Ses capitules épineuses, dressées à près de 2 m. de haut, sculptent le paysage. Rondes et épineuse à la fois, chardon velouté de lilas, leur graphisme est subtil.
Puis elle a une fausse histoire. Ce bon vieux Linné, qui ne devait pas avoir de tisserands dans la famille, lui a attribué un rôle qu’elle n’a jamais joué (fullonum = des foulons). C’est sa sœur qui lui ressemble très fort, Dipsacus sativus qui a été intensément cultivée dans les régions lainières. Avec ses têtes séchées, on confectionnait des peignes avec lesquels on grattait des heures durant les draps de laine. En accrochant le tissu avec ses aiguillons, elle redressait des fibres de laine pour former un velouté doux et chaud. Si Dipsacus sativus, faute d’emploi, a presque disparu de notre paysage, D. fullonum, l’usurpatrice malgré elle, est toujours là.
Au jardin, elle est très facile à vivre.

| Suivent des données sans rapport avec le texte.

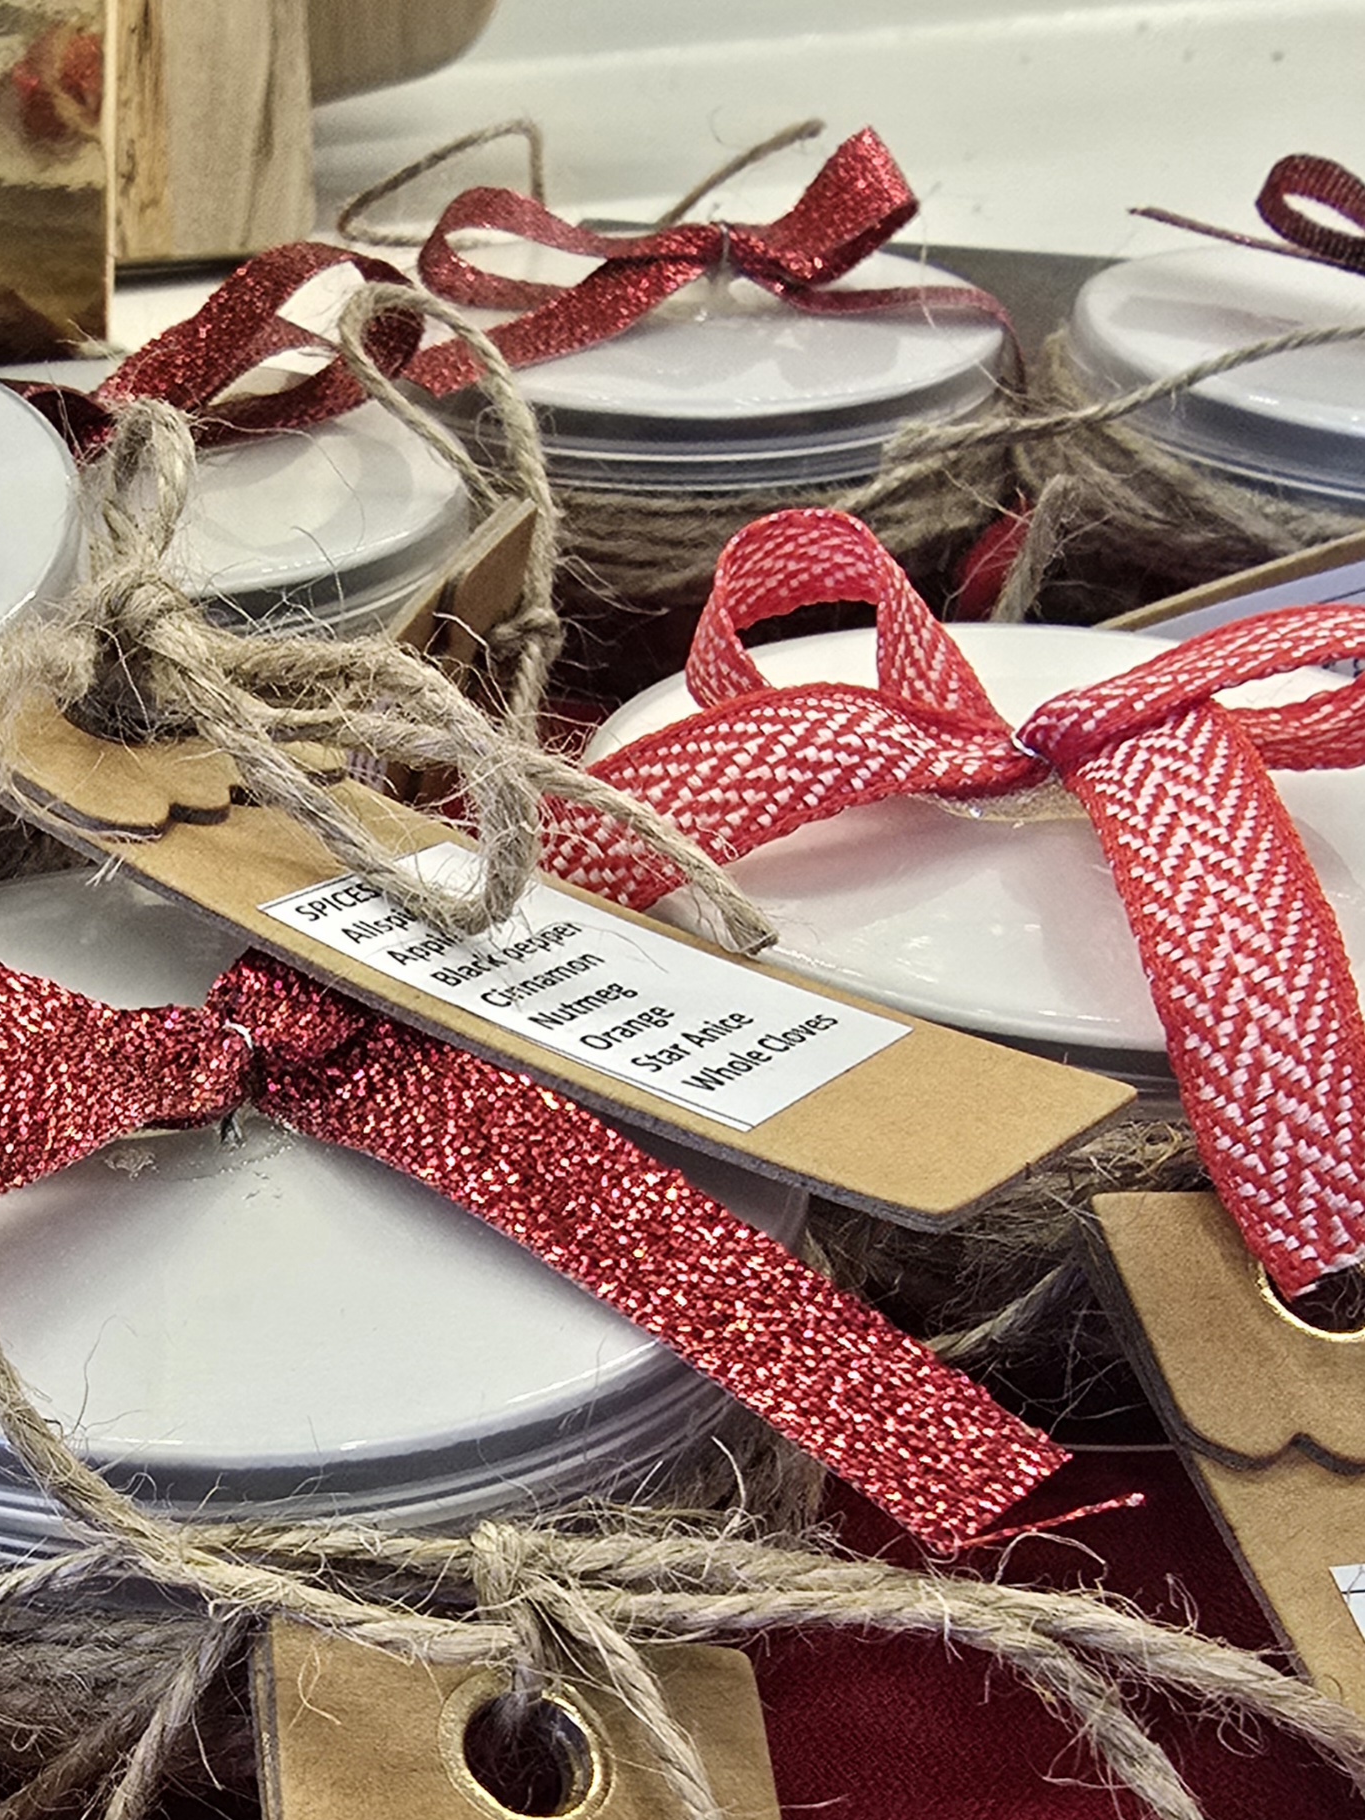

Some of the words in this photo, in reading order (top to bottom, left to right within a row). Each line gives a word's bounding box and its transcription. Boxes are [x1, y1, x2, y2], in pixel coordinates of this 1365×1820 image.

Les feuilles des jeunes semis sont simples à reconnaître: sur la face supérieure, elles sont hérissées de petites épines. Sécheresse, pluie, chaleur ou froidure, elle s’en fiche. Bisannuelle, elle demande juste un peu de froid en hiver pour donner au jeune bourgeon central le courage de démarrer au printemps suivant. Je la laisse vagabonder où bon lui semble. Bonne fille, elle reste raisonnable.